There were the moving runners in various shapes, the moving swimmers, and the moving fliers. Some of the fliers were quite large, with perceptible thoughts; others were small, gauzy-winged creatures. These last transmitted only patterns of sense perception, imperfect patterns at that, and added nothing intelligent of their own.

There were the non-movers, which, like the non-movers at home, were green and lived on the air, water, and soil. These were a mental blank. They knew only the dim, dim consciousness of light, moisture, and gravity.

And each fragment, moving and non-moving, had its mockery of life.

Not yet. Not yet…

He clamped down hard upon his feelings. Once before, these life fragments had come, and the rest at home had tried to help them-too quickly. It had not worked. This time they must wait.

If only these fragments did not discover him.

They had not, so far. They had not noticed him lying in the corner of the pilot room. No one had bent down to pick up and discard him. Earlier, it had meant he could not move. Someone might have turned and stared at the stiff wormlike thing, not quite six inches long. First stare, then shout, and then it would all be over.

But now, perhaps, he had waited long enough. The takeoff was long past. The controls were locked; the pilot room was empty.

It did not take him long to find the chink in the armor leading to the recess where some of the wiring was. They were dead wires.

The front end of his body was a rasp that cut in two a wire of just the right diameter. Then, six inches away, he cut it in two again. He pushed the snipped-off section of the wire ahead of him packing it away neatly and invisibly into a corner of recess. Its outer covering was a brown elastic material and its core was gleaming, ruddy metal. He himself could not reproduce the core, of course, but that was not necessary. It was enough that the pellicle that covered him had been carefully bred to resemble a wire's surface.
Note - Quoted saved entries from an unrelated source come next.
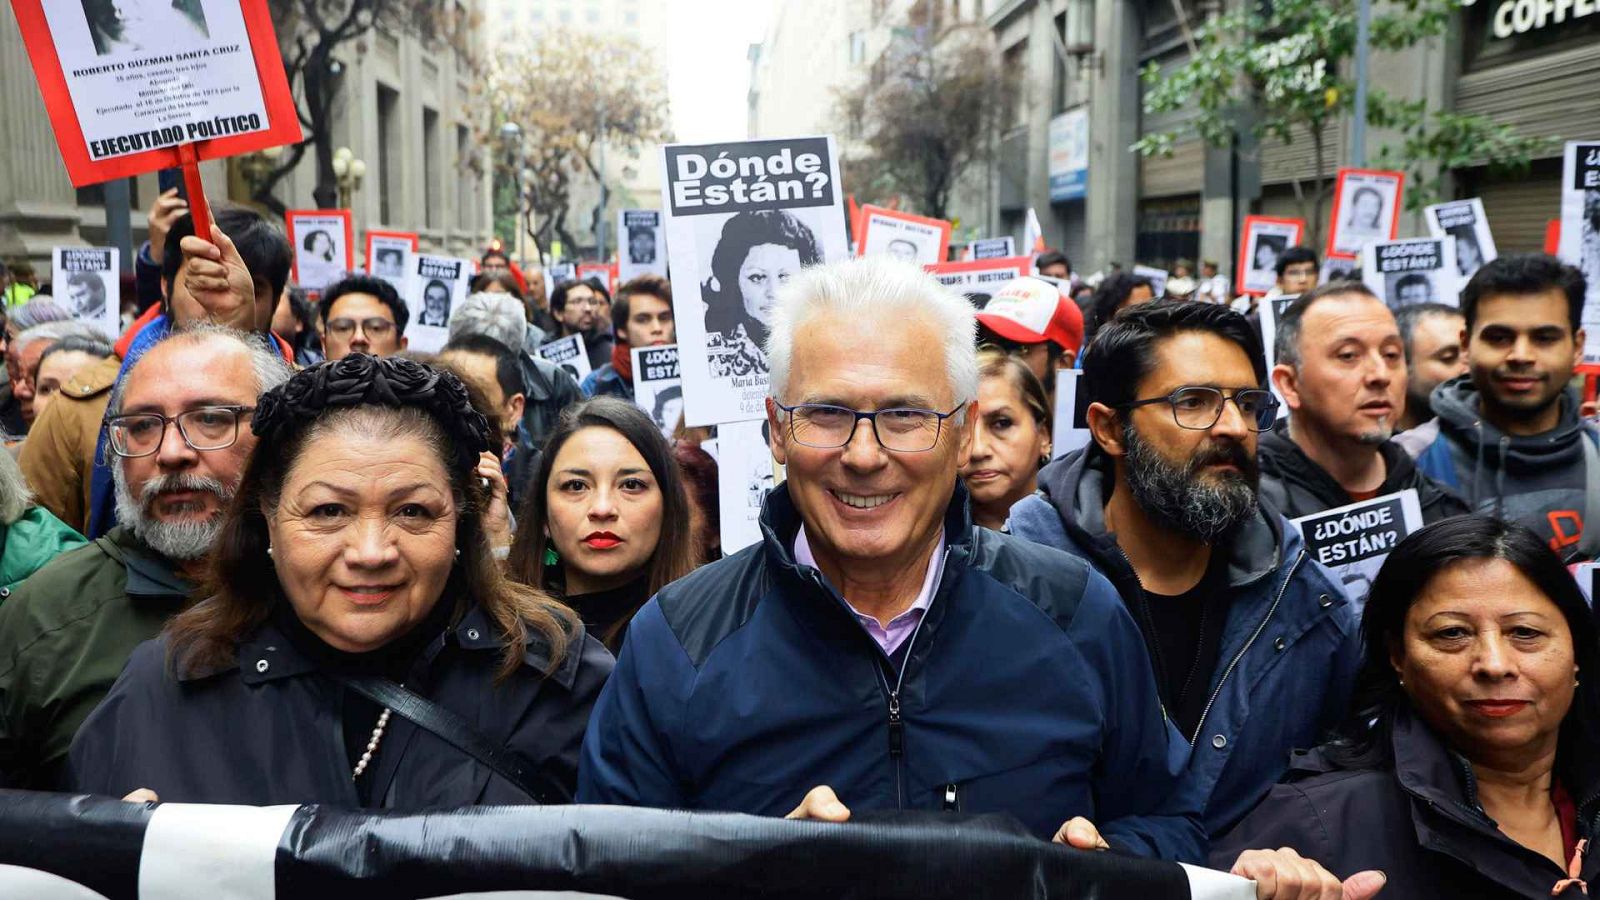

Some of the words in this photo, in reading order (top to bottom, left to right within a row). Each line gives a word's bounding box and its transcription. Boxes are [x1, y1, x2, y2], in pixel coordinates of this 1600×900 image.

[73, 63, 125, 78] ROBERTO
[128, 55, 173, 71] GUZMAN
[176, 50, 210, 62] SANTA
[212, 45, 241, 56] CRUZ
[90, 125, 184, 160] EJECUTADO
[186, 113, 261, 140] POLÍTICO
[676, 148, 822, 181] Dónde
[673, 172, 830, 208] Están?
[978, 271, 1015, 283] JUSTICIA
[1314, 506, 1394, 541] ¿DÓNDE
[1318, 530, 1398, 564] ESTÁN?
He returned and grasped the cut sections of the wire before and behind. He tightened against them as his little suction disks came into play. Not even a seam showed.

They could not find him now. They could look right at him and see only a continuous stretch of wire.

Unless they looked very closely indeed and noted that, in a certain spot on this wire, there were two tiny patches of soft and shining green fur.

"It is remarkable," said Dr. Weiss, "that little green hairs can do so much."

Captain Loring poured the brandy carefully. In a sense, this was a celebration. They would be ready for the jump through hyper-space in two hours, and after that, two days would see them back on Earth.

"You are convinced, then, the green fur is the sense organ?" he asked.

"It is," said Weiss. Brandy made him come out in splotches, but he was aware of the need of celebration-quite aware. "The experiments were conducted under difficulties, but they were quite significant."

The captain smiled stiffly. " 'Under difficulties' is one way of phrasing it. I would never have taken the chances you did to run them."

"Nonsense. We're all heroes aboard this ship, all volunteers, all great men with trumpet, fife, and fanfarade. You took the chance of coming here."

"You were the first to go outside the barrier."

"No particular risk involved," Weiss said. "I burned the ground before me as I went, to say nothing of the portable barrier that surrounded me. Nonsense, Captain. Let's all take our medals when we come back; let's take them without attempt at gradation. Besides, I'm a male."

"But you're filled with bacteria to here." The captain's hand made a quick, cutting gesture three inches above his head. "Which makes you as vulnerable as a female would be."